CROSS REFERENCE TO RELATED APPLICATIONS
This application is the U.S. National Stage of International Application No. PCT/EP2007/058299 filed Aug. 10, 2007 and claims the benefit thereof. The International Application claims the benefits of European application No. 06017057.8 EP filed Aug. 16, 2006, both of the applications are incorporated by reference herein in their entirety.
FIELD OF INVENTION
The present invention relates to a burner cleaning device for cleaning burners, in particular for cleaning gas turbine burners having at least one fuel nozzle and at least one fuel supply line.
BACKGROUND OF INVENTION
Soiling or coking can occur particularly in the region of the burner nozzles while burners are being operated by means of heating oil. The burner will consequently cease being able to perform at fill capacity. Excessive soiling or coking can furthermore damage burner components. A drop in performance due to soiling or coking of the burner is detrimental in the case particularly of gas turbines because the gas turbine's overall performance and emission values are negatively affected thereby.

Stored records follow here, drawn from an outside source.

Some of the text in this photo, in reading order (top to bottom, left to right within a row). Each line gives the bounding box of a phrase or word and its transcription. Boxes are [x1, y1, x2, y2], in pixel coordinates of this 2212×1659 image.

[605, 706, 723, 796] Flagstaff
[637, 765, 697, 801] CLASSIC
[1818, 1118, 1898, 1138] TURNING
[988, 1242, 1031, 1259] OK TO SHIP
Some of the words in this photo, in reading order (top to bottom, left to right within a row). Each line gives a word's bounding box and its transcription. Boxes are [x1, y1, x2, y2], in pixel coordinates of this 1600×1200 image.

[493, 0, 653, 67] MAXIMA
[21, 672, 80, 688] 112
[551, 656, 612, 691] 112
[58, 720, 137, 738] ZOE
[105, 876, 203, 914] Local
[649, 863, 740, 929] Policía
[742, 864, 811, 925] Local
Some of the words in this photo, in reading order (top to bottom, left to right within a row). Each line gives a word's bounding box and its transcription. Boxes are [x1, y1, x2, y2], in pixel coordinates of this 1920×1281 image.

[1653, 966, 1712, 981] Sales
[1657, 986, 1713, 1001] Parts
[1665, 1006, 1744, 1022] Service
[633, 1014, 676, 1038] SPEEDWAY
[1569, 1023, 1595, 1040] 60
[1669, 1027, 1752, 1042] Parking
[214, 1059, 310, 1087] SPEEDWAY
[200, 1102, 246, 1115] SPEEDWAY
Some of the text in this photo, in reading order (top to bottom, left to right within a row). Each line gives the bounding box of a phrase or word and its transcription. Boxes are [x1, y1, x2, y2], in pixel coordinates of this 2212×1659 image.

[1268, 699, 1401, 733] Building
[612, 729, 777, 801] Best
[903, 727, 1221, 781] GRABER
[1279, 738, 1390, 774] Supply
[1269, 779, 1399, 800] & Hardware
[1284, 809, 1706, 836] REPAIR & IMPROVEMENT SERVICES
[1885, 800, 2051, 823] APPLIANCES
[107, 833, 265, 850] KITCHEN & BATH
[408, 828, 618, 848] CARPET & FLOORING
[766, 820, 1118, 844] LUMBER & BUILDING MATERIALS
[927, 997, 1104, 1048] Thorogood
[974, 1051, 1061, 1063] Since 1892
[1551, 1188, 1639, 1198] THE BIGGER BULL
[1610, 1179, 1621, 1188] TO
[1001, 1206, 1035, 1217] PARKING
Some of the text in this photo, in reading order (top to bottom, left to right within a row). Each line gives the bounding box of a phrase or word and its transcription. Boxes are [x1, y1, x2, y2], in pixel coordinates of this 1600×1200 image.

When impurities are detected in gas turbine burners, the burner nozzles are at present broken through by hand. Blow-out runs then have to be carried out on the gas turbine during which any dirt residues will be blown out of the nozzles.
Furthermore, gas turbine burners are frequently provided with annular spaces that duct the heating oil from a central heating oil supply line to fuel nozzles arranged annularly around a central burner part. The annular space sited inside the burner cannot be cleaned using the cited means. If the burner's operational restrictions cannot be eliminated by breaking through the nozzles, the nozzles will have to be removed. Only then can the annular space be cleaned, though that can be done only to a limited extent. The removed nozzles can then be cleaned in a cleaning bath as is described in, for example, EP 0 636 767 A1. More extensive cleaning will require complete dismantling of the burner.
An apparatus for washing an air supply channel in a gas turbine burner is described in EP 1 452 802 A1. The apparatus includes a nozzle body having a discharge end in which is located an annular nozzle assembly that can be arranged opposite the likewise annular air supply channel. By spraying a fluid into the air supply channel through the annular nozzle assembly the latter can be cleaned of residues. For being secured to the burner the apparatus furthermore includes a rod that projects beyond the nozzle body's discharge end and has an annular flange arranged at a distance from the nozzle body. For performing a washing operation from inside the combustion chamber the nozzle body is applied against the burner's air supply channel and the rod ducted through the burner as far as its other end. The assembly is then fixed into position by means of a tensioning bolt by tensioning the nozzle body and flange against mutually opposite ends of the burner.
A mobile flushing unit is described in EP 1 574 675 A2. It includes flexible hoses requiring to be secured to opposite ends of a workpiece. Compressed air and a cleaning fluid can then be pumped through the flexible hoses and the workpiece located between them.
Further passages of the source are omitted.